Dr Borgas said a plan to move the Aspendale Laboratories to the organisation’s larger site in Clayton had been previously discussed but had come to nothing.

He said it was unclear whether the relocation would reduce the research performed by the 130 staff, which includes ice core analysis, air quality and pollution research and climate and atmospheric modelling.

While Dr Borgas acknowledged the proposed budget meant a lot of tough decisions had to be made he hoped the site’s relocation would not be seen as an excuse to cut its research. 

CSIRO spokesman Huw Morgan said no decision about the future of Aspendale and Griffith's operations had been made or the timing of the moves.

When asked how much money CSIRO expected to save from closing these sites Mr Morgan said it would be inappropriate to comment. 

The plan to close sites is another blow to the organisation.

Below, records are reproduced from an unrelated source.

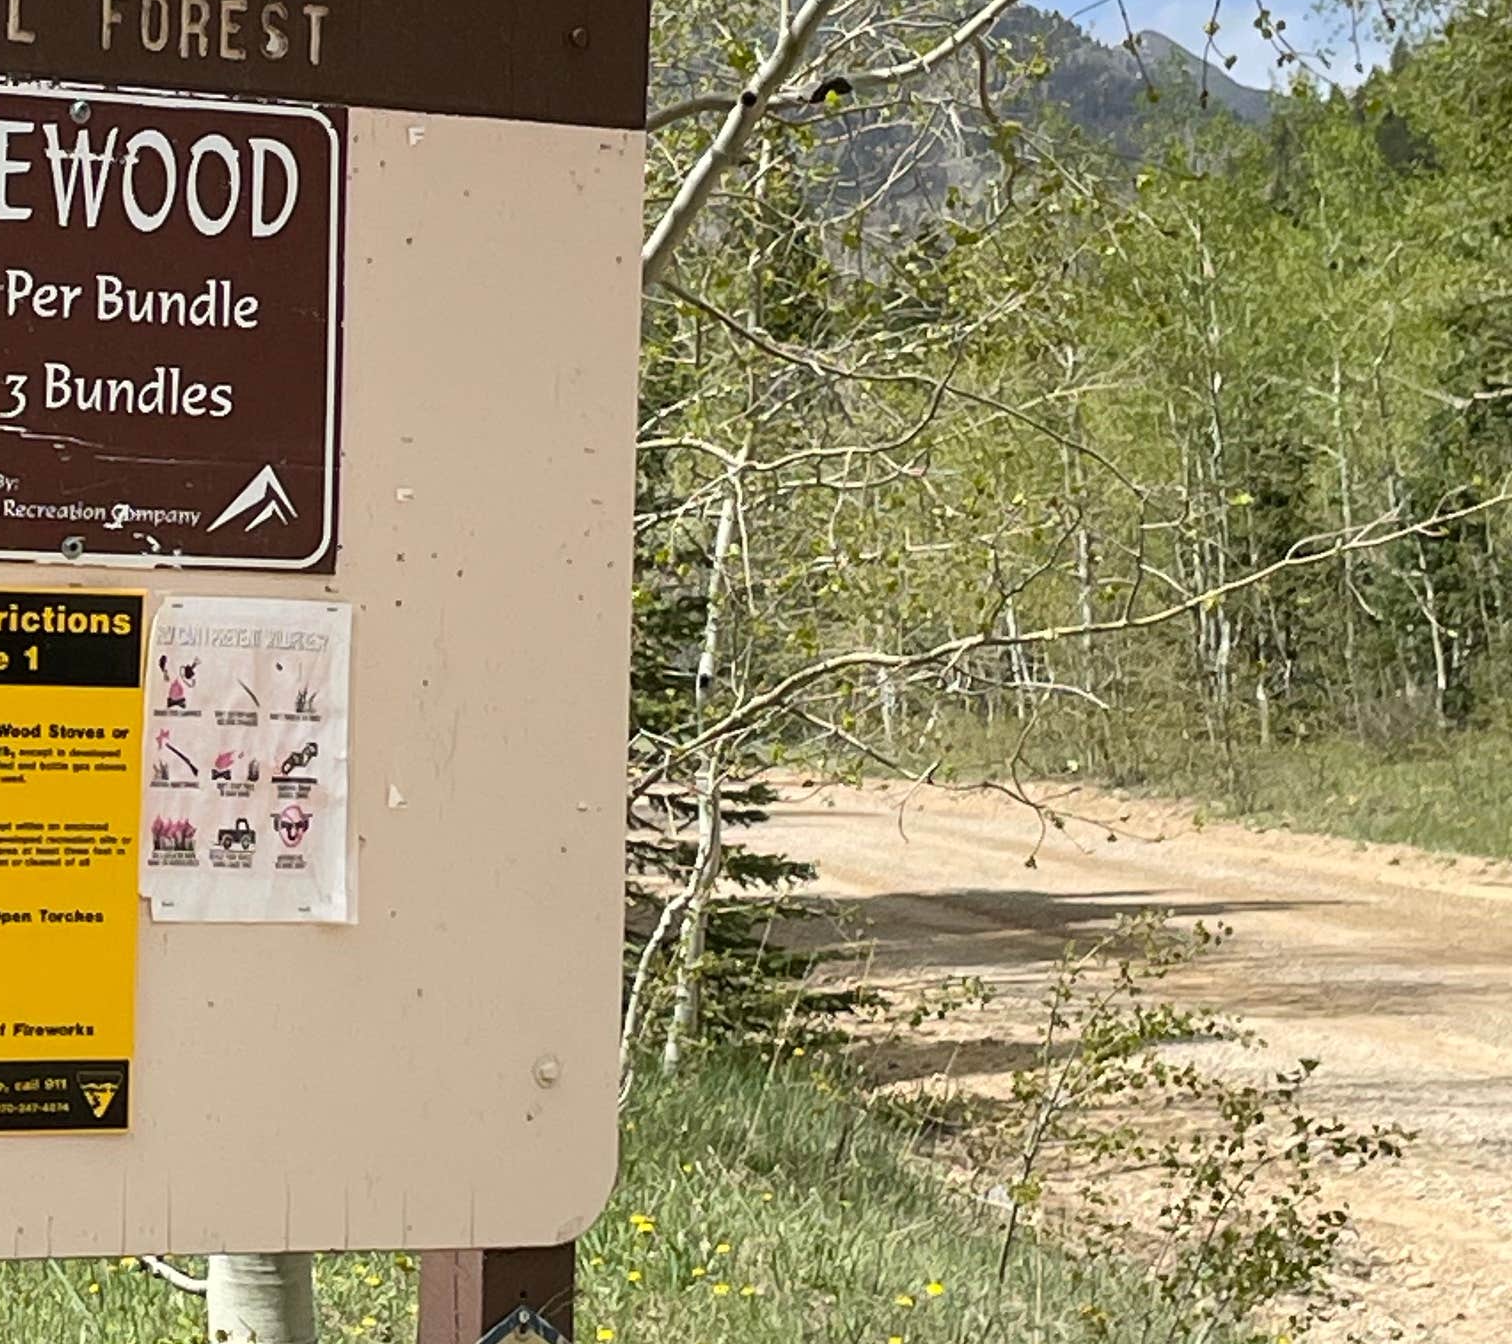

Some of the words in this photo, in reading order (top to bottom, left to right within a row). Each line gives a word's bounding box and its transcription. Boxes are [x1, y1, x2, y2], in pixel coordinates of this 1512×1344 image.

[6, 269, 83, 319] Per
[96, 274, 259, 329] Bundle
[0, 371, 28, 419] 3
[44, 362, 234, 418] Bundles
[3, 499, 106, 521] Recreation
[23, 645, 39, 671] 1
[49, 724, 105, 739] Stoves
[112, 727, 129, 739] or
[39, 909, 104, 923] Torches
[12, 1022, 95, 1037] Fireworks
[14, 1079, 40, 1092] call
[44, 1078, 68, 1090] 911
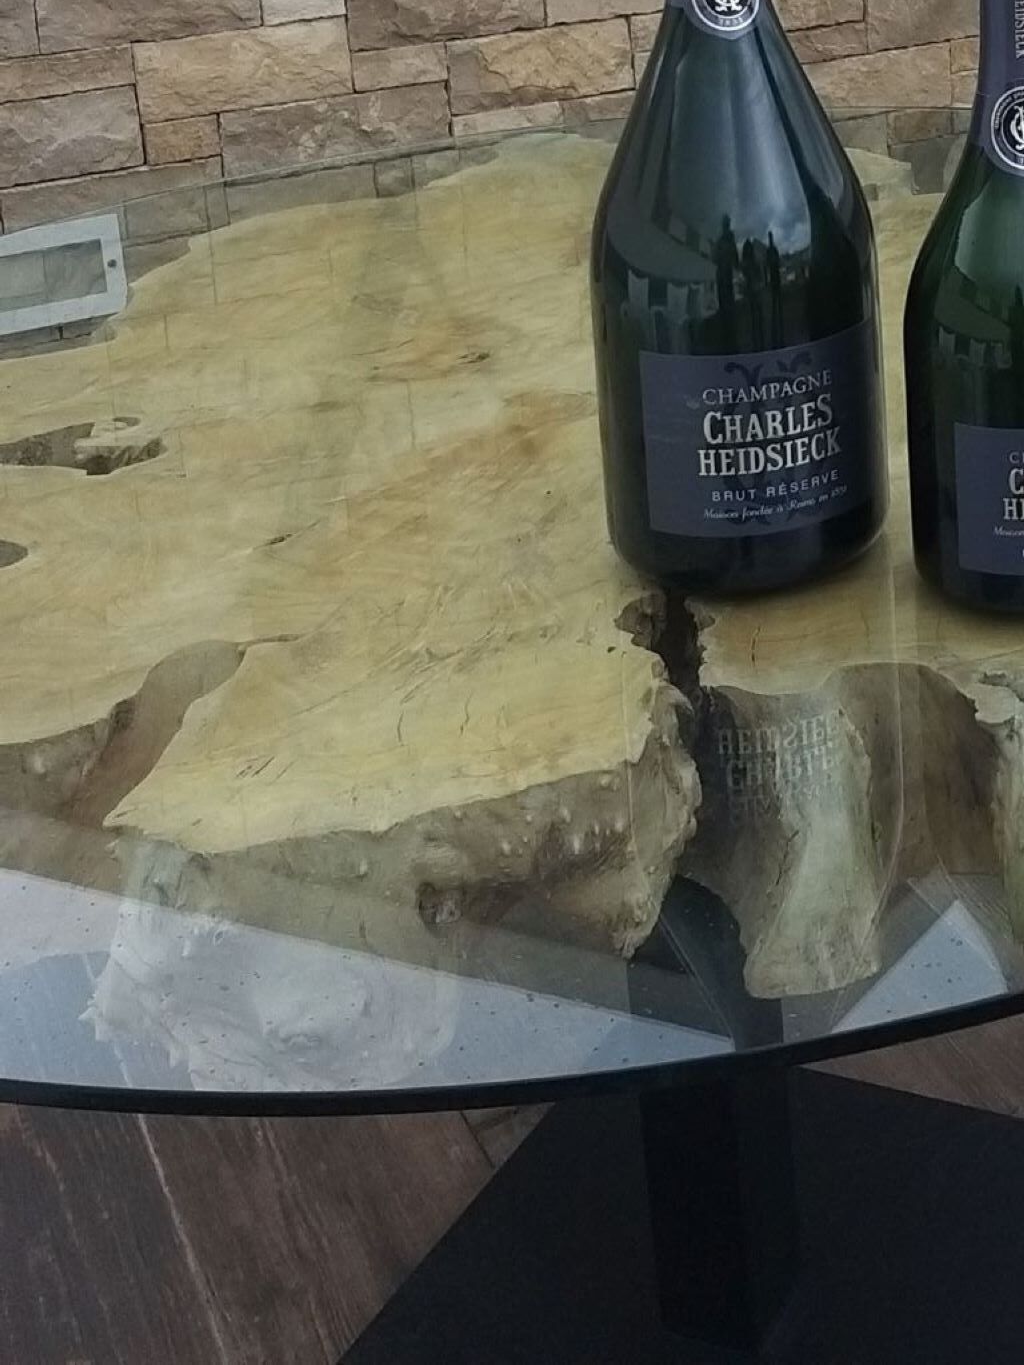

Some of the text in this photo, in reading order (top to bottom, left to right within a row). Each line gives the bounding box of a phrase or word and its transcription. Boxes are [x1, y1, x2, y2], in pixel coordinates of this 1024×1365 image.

[702, 369, 832, 406] CHAMPAGNE
[703, 393, 833, 445] CHARLES
[698, 426, 842, 476] HEIDSIECK
[711, 469, 839, 502] BRUT RÉSERVE
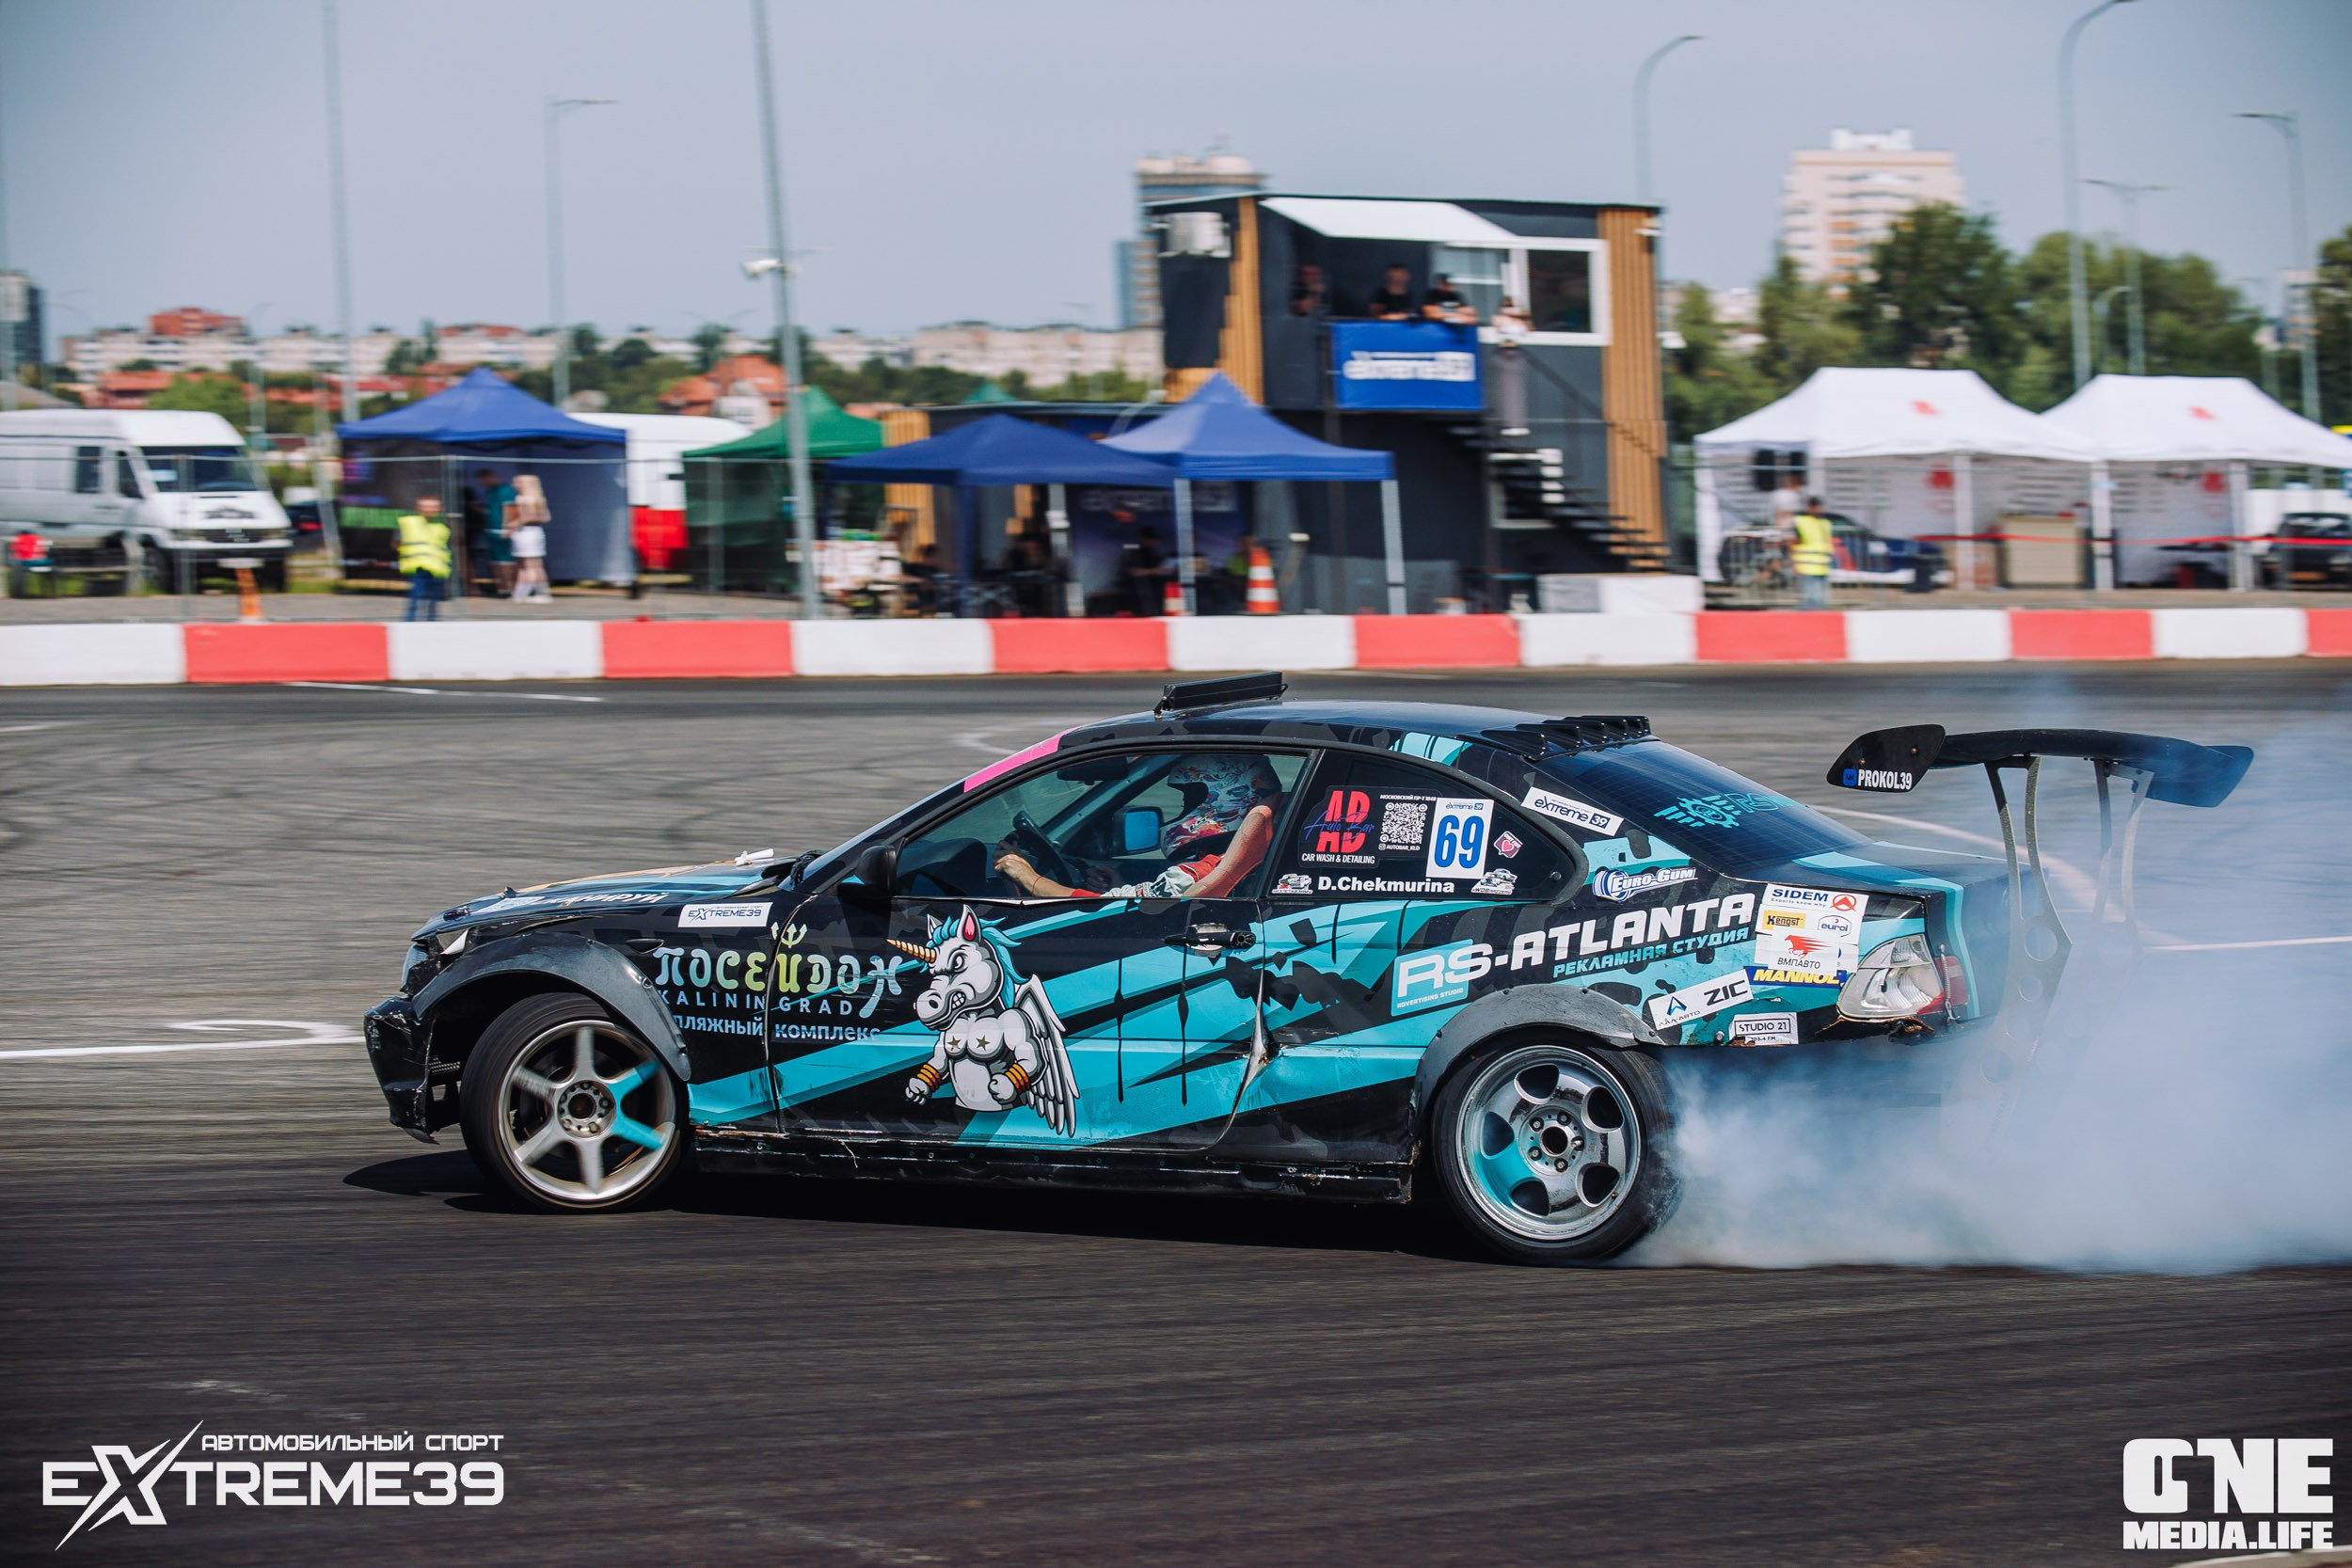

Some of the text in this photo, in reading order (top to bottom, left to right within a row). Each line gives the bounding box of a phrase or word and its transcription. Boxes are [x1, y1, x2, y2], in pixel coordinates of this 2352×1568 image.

[1857, 768, 1913, 790] PROKOL39
[1590, 814, 1610, 827] 39
[1434, 815, 1485, 869] 69
[1301, 852, 1375, 864] CAR WASH & DETAILING
[1318, 876, 1455, 894] D.Chekmurina
[1772, 888, 1829, 902] SIDEM
[1820, 923, 1849, 932] eurol
[1397, 893, 1756, 998] RS-ATLANTA
[1552, 927, 1750, 979] РЕКЛАМНАЯ СТУДИЯ
[1777, 958, 1821, 970] ВМПАВТО
[1753, 969, 1840, 985] MANNOL
[1396, 987, 1464, 1009] ADVERTISING STUDIO
[1704, 979, 1748, 1006] ZIC
[659, 990, 853, 1017] KALININGRAD
[673, 1014, 882, 1042] ПЛЯЖНЫЙ КОМПЛЕКС
[1739, 1022, 1787, 1032] STUDIO 21

‘‘I think people are overwhelmed by a whole range of uncertainties at the moment,’’ Dr Borgas said.

Also as a result of the cuts, and to respond to ‘‘strategically to national priorities’’, CSIRO will overhaul its research efforts. 

In its energy program unconventional gas and mining will receive a boost while low carbon technologies and liquid fuels will be cut back.

The directions statement, marked commercial-in-confidence, says as research and development in unconventional gas – such as coal seam and shale gas – has the potential to ‘‘create significant value for our nation’’ CSIRO will increase research in the area. It will also implement its new mining strategy focusing on activities ‘‘that help to significantly enhance the productivity of this vital sector’’.

But in low emissions energy technologies the statement says: ‘‘To adjust to the more difficult operating environment, we will stop our geothermal work and reduce other activities, especially in CO2 capture and efficient energy management.’’

Neuroscience and colo-rectal research will be cut, unless it relates to nutrition. So will bioscience and nanoscience.

In environmental sciences the document says the organisation will be placing ‘‘special emphasis’’ on supporting industry, such as technologies to boost the resilience of natural and built assets including efforts to support the sustainable development of the offshore oil and gas industry.

Another focus will be providing information to speed up project assessments and approvals, especially in northern Australia and the resources sector.

But urban water research will be reduced and overall investment in terrestrial and marine biodiversity will be lower.